Veteran: Sam Brody, POW WWII
Artist: Jill Brody
Writer: Gayle Gleckler

Sam Brody loved milk. His mom said as soon as he could walk, his baby bottle wasn’t enough. He carried around a full quart of milk.
But you can’t always judge a guy by his preferred beverage. 

For example, years later during World War II in France, morale in Sam’s unit was low because their much loved Master Sergeant had just been killed. 

On their way to Luneville (the soldiers called it “Loonyville) to deliver an important message, Sam and his driver saw two women on the fifth floor of a building waving handkerchiefs. Sam, always the humanitarian, said, “I’ve got an idea.”

In partial French, English and Yiddish, he conveyed to the girls (who had clean health cards) his idea. After some negotiation, they agreed. The girls, riding in the back of the Jeep disguised as soldiers in long trench coats and helmets, slipped past the guards.

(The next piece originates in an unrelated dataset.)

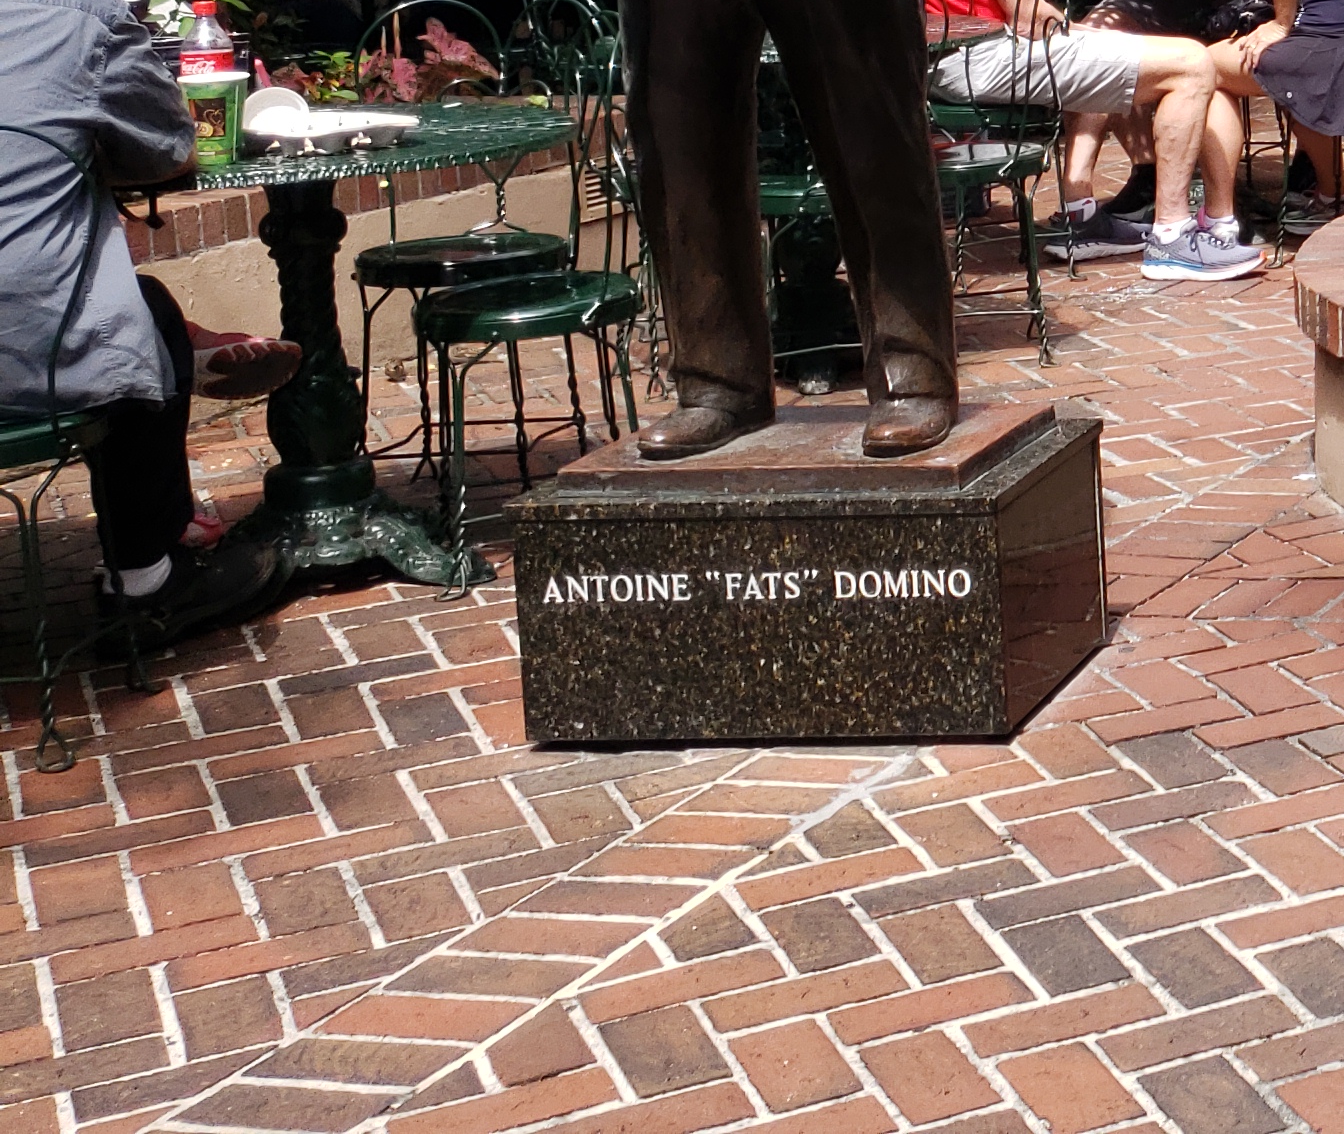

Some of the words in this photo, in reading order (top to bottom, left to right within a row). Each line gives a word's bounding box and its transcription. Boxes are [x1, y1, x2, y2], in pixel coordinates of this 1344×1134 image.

The next day, the morale in Sam’s company was sky high.
Adventures seemed to find young Sam, who was captured in a fierce battle. In prison, a German officer took a shine to him (everyone does) so he grabbed his dog tags, which were marked with an H for Hebrew and hid them in his pocket. Even though Sam and ten prisoners were forced to do a 750-mile death defying march through Germany and Austria, this kind officer protected him every step of the way.
In May 1945, Sam sent a Mother's Day message from Paris to his mother through the Red Cross. It read, “I'm alive and well at this time.” The woman who delivered the telegram said, "I wouldn’t be so sure.” Sam’s mother, who had a weak heart, had an attack. She survived, but the family presumed Sam was dead.
Months later, on the way to Fort Dix, Sam got to a pay phone in Penn Station. He called his father at H. Brody and Sons Furrier Company, which was close by. His brother answered and told his father, who started running down the street, wearing his apron covered in fur and his knife in his hand yelling, “My son is alive! My son is alive!"
His father and brothers got there just in time to wave at Sam as his train pulled out.

The next night Sam was back home in Brooklyn wearing a Bronze Star and Purple Heart.
His mother smothered him in kisses and gave him a quart of American homogenized milk.